### Aim of the exercise
Output all the data exactly as it appears below.

### Supplied information
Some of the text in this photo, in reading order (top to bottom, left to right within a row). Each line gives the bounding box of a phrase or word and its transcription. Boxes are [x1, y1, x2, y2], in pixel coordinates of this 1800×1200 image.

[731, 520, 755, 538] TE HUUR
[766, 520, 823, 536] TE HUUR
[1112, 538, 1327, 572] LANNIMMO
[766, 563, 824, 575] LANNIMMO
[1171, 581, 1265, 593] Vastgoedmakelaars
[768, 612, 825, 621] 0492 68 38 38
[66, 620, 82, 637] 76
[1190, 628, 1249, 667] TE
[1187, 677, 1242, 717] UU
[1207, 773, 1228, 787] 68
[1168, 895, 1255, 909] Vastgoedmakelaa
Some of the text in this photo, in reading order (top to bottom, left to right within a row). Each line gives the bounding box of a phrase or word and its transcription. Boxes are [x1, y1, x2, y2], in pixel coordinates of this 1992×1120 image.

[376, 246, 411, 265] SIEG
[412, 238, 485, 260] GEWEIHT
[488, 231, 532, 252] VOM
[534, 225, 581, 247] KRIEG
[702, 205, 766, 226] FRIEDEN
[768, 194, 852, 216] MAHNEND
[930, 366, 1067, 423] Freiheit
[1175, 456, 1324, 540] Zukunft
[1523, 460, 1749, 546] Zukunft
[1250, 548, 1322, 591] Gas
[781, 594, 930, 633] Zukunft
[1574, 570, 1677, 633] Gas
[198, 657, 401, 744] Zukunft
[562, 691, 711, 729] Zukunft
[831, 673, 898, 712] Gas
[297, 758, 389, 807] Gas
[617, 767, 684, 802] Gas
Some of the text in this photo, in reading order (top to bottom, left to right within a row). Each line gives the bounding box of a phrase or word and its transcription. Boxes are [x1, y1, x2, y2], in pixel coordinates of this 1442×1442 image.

### Output below
Some of the text in this photo, in reading order (top to bottom, left to right within a row). Each line gives the bounding box of a phrase or word and its transcription. Boxes are [x1, y1, x2, y2], in pixel coordinates of this 1800×1200 image.

[731, 520, 755, 538] TE HUUR
[766, 520, 823, 536] TE HUUR
[1112, 538, 1327, 572] LANNIMMO
[766, 563, 824, 575] LANNIMMO
[1171, 581, 1265, 593] Vastgoedmakelaars
[768, 612, 825, 621] 0492 68 38 38
[66, 620, 82, 637] 76
[1190, 628, 1249, 667] TE
[1187, 677, 1242, 717] UU
[1207, 773, 1228, 787] 68
[1168, 895, 1255, 909] Vastgoedmakelaa
Some of the text in this photo, in reading order (top to bottom, left to right within a row). Each line gives the bounding box of a phrase or word and its transcription. Boxes are [x1, y1, x2, y2], in pixel coordinates of this 1992×1120 image.

[376, 246, 411, 265] SIEG
[412, 238, 485, 260] GEWEIHT
[488, 231, 532, 252] VOM
[534, 225, 581, 247] KRIEG
[702, 205, 766, 226] FRIEDEN
[768, 194, 852, 216] MAHNEND
[930, 366, 1067, 423] Freiheit
[1175, 456, 1324, 540] Zukunft
[1523, 460, 1749, 546] Zukunft
[1250, 548, 1322, 591] Gas
[781, 594, 930, 633] Zukunft
[1574, 570, 1677, 633] Gas
[198, 657, 401, 744] Zukunft
[562, 691, 711, 729] Zukunft
[831, 673, 898, 712] Gas
[297, 758, 389, 807] Gas
[617, 767, 684, 802] Gas
Some of the text in this photo, in reading order (top to bottom, left to right within a row). Each line gives the bounding box of a phrase or word and its transcription. Boxes are [x1, y1, x2, y2], in pixel coordinates of this 1442×1442 image.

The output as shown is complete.